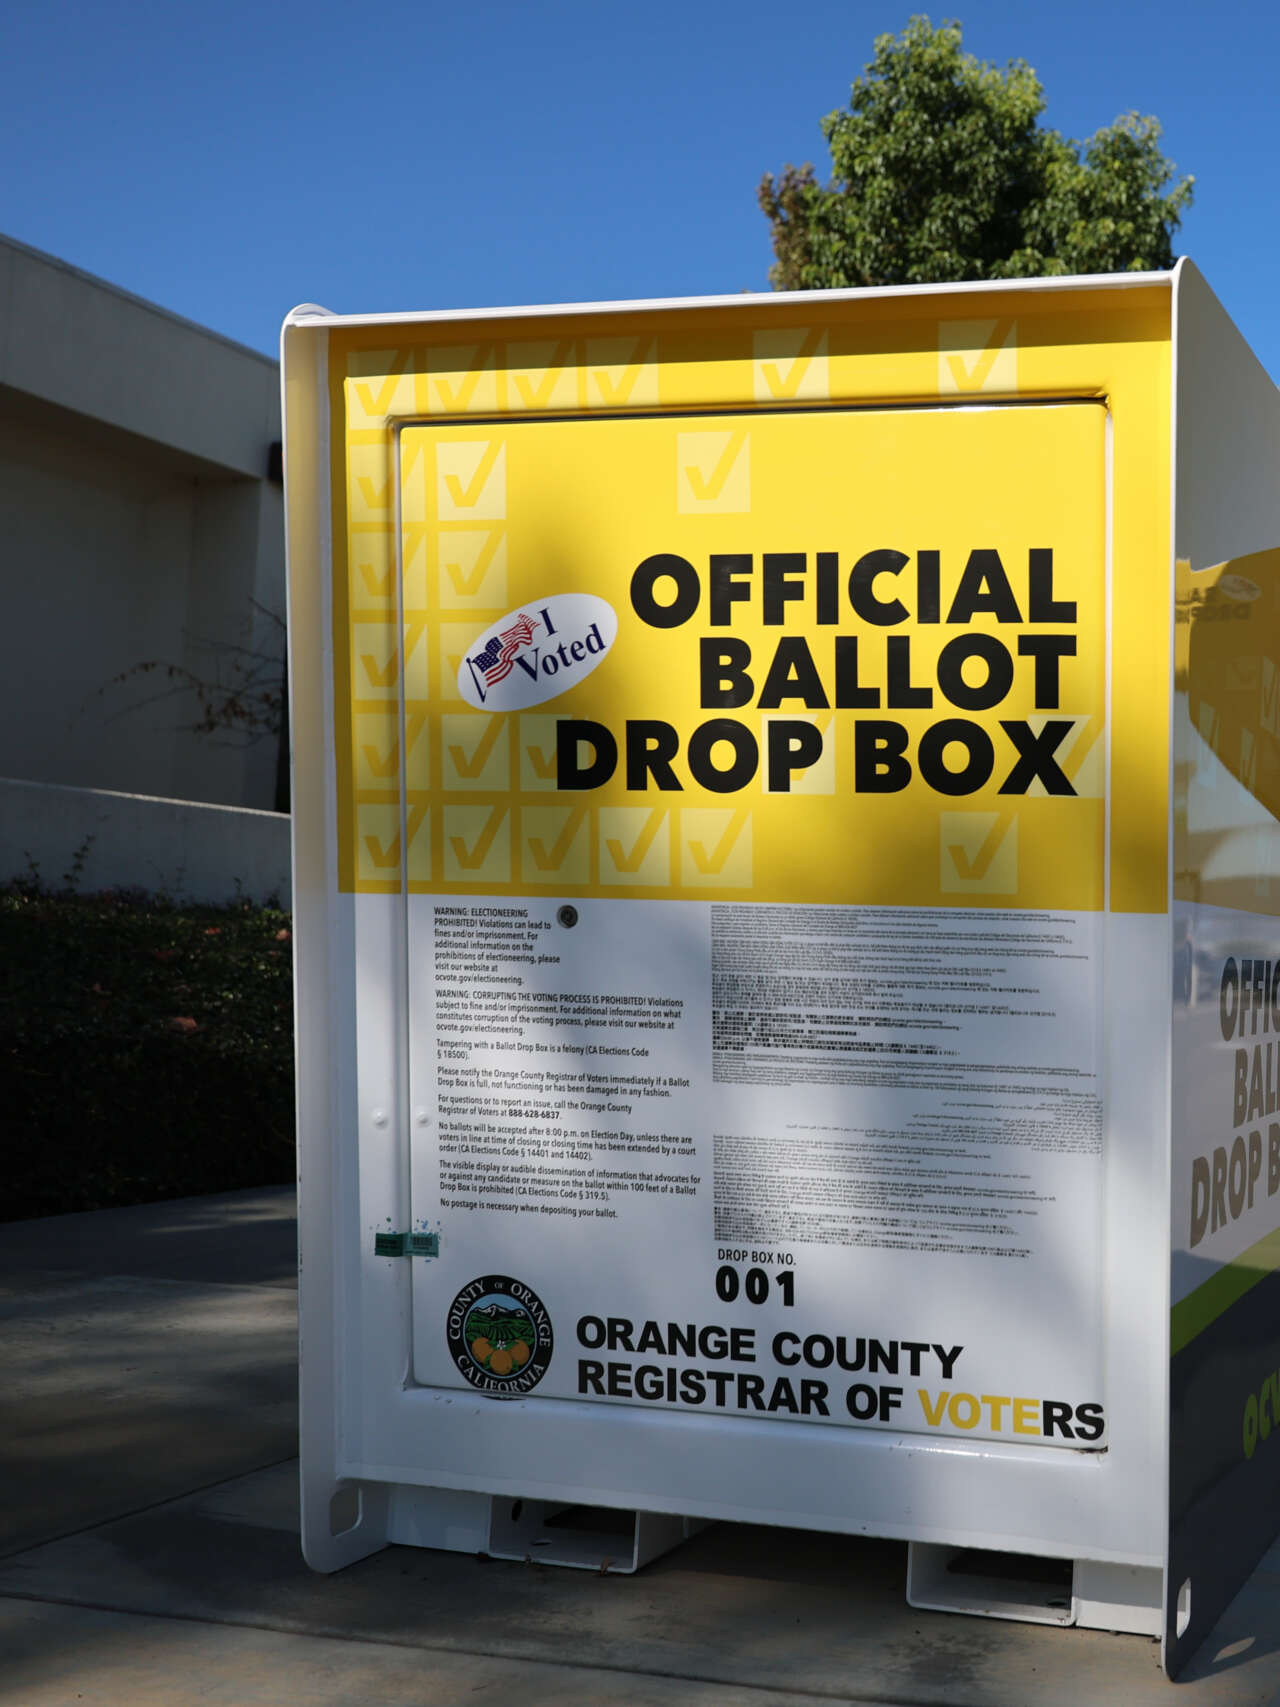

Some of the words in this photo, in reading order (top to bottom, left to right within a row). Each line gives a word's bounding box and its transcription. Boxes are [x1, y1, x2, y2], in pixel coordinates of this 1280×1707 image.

::::

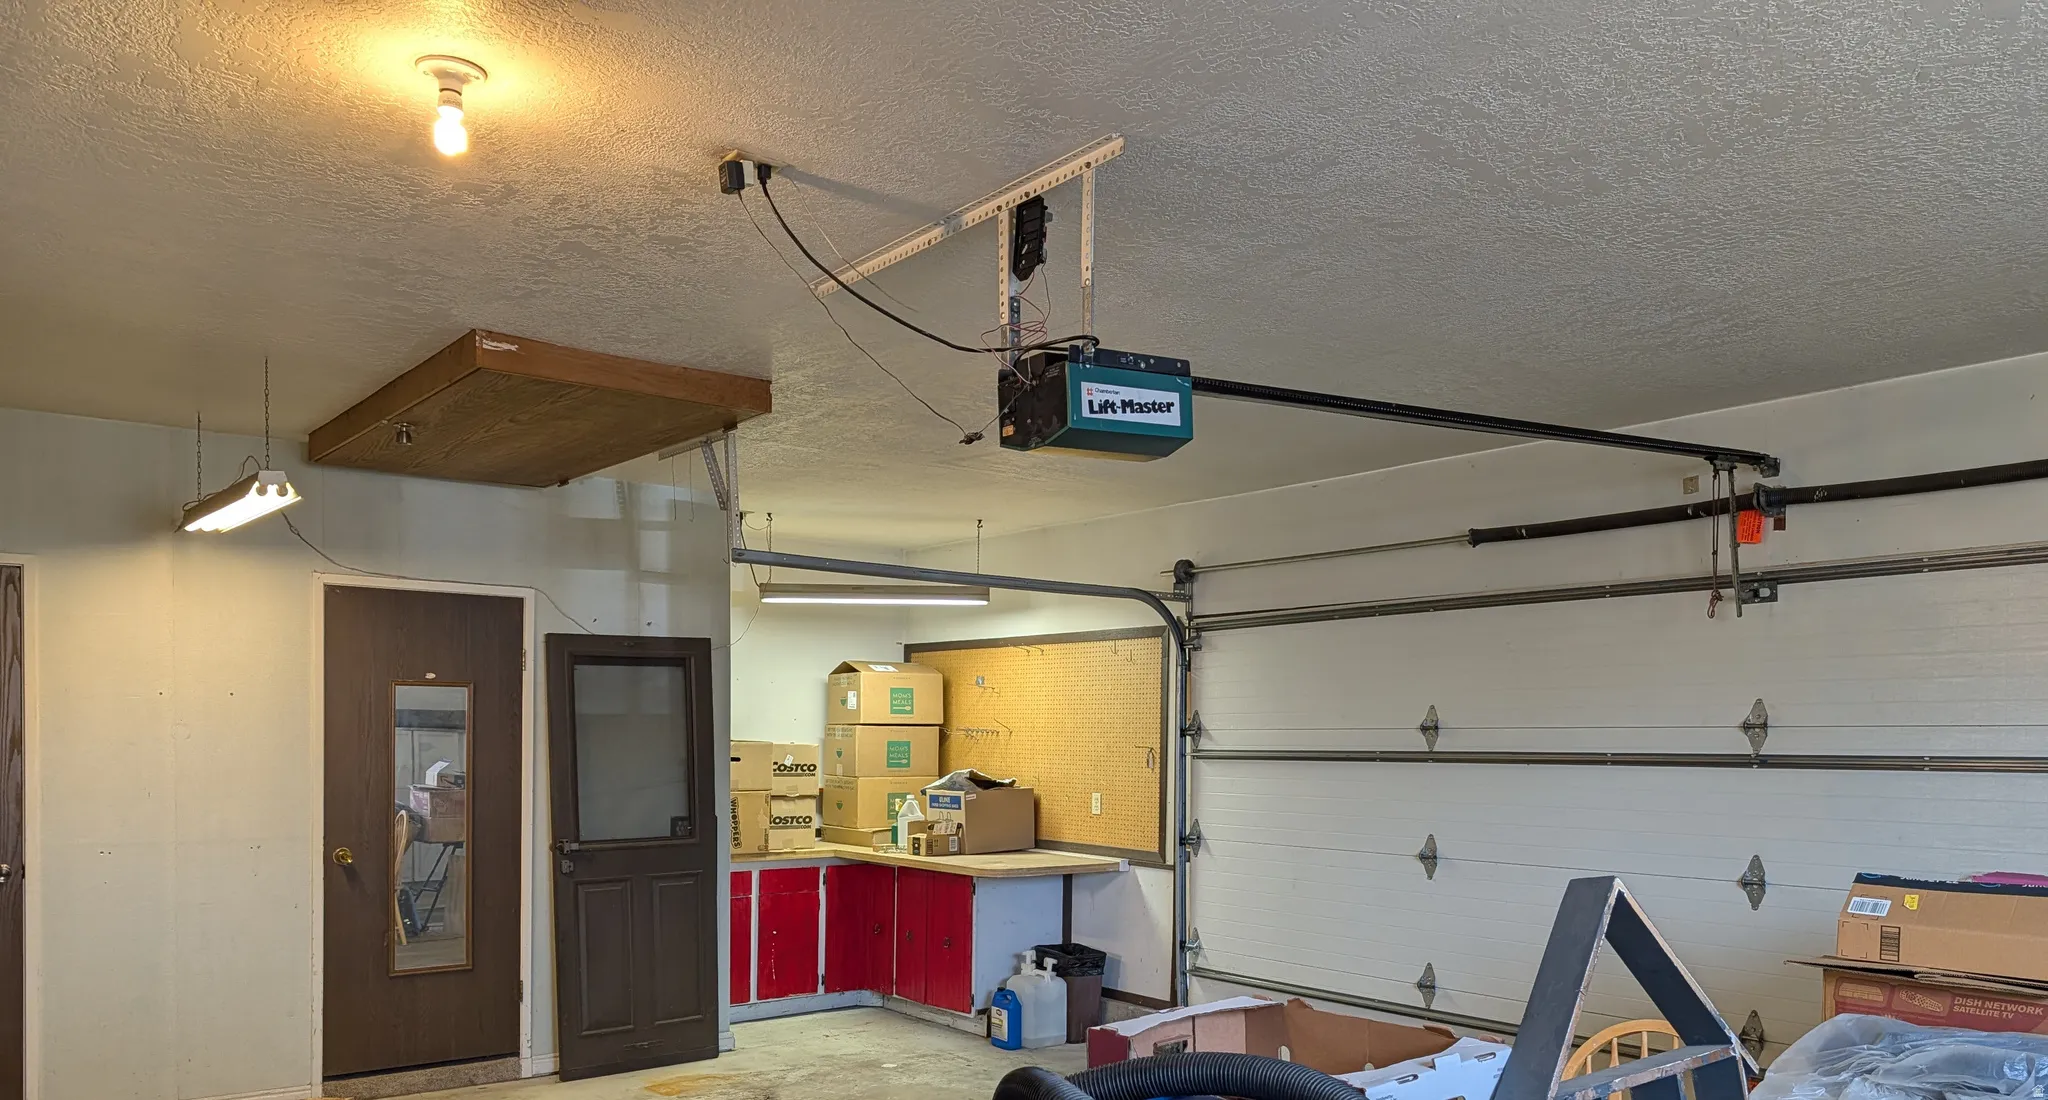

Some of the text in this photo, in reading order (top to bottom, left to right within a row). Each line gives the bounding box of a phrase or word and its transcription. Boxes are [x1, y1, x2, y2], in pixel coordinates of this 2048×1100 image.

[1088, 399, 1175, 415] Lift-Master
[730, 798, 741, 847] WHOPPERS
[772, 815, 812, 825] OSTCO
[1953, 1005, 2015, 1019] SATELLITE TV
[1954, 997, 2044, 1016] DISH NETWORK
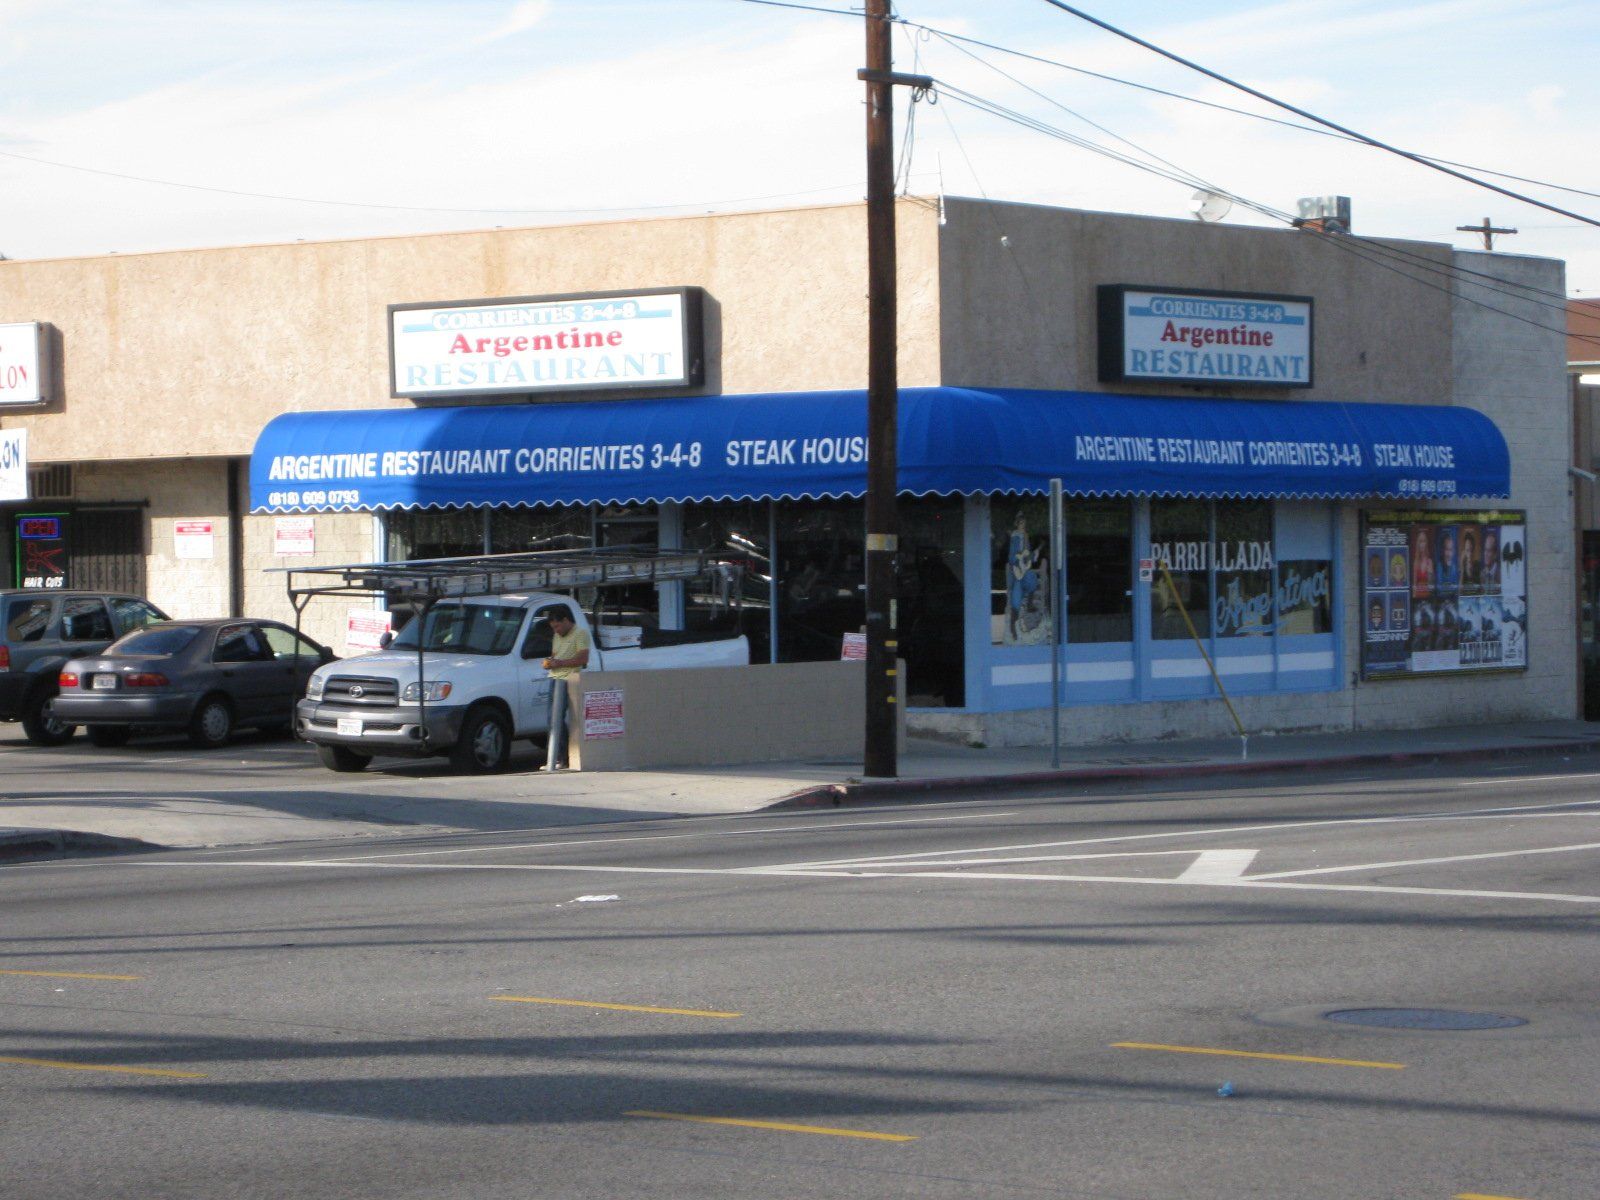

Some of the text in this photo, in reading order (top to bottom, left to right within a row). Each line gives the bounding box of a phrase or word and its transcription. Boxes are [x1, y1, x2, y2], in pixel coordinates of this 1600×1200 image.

::::

=== PROBLEM DETAILS ===
Please return the material above only from the line that holds "this 2048×1100 image." through the line that holds "this 1600×1200 image.", exactly as it stands, ends included and pictures omitted.

=== SOLUTION TO THIS TASK ===
Some of the text in this photo, in reading order (top to bottom, left to right within a row). Each line gives the bounding box of a phrase or word and its transcription. Boxes are [x1, y1, x2, y2], in pixel coordinates of this 2048×1100 image.

[1088, 399, 1175, 415] Lift-Master
[730, 798, 741, 847] WHOPPERS
[772, 815, 812, 825] OSTCO
[1953, 1005, 2015, 1019] SATELLITE TV
[1954, 997, 2044, 1016] DISH NETWORK

Some of the text in this photo, in reading order (top to bottom, left to right within a row). Each line gives the bounding box of a phrase or word and its transcription. Boxes are [x1, y1, x2, y2], in pixel coordinates of this 1600×1200 image.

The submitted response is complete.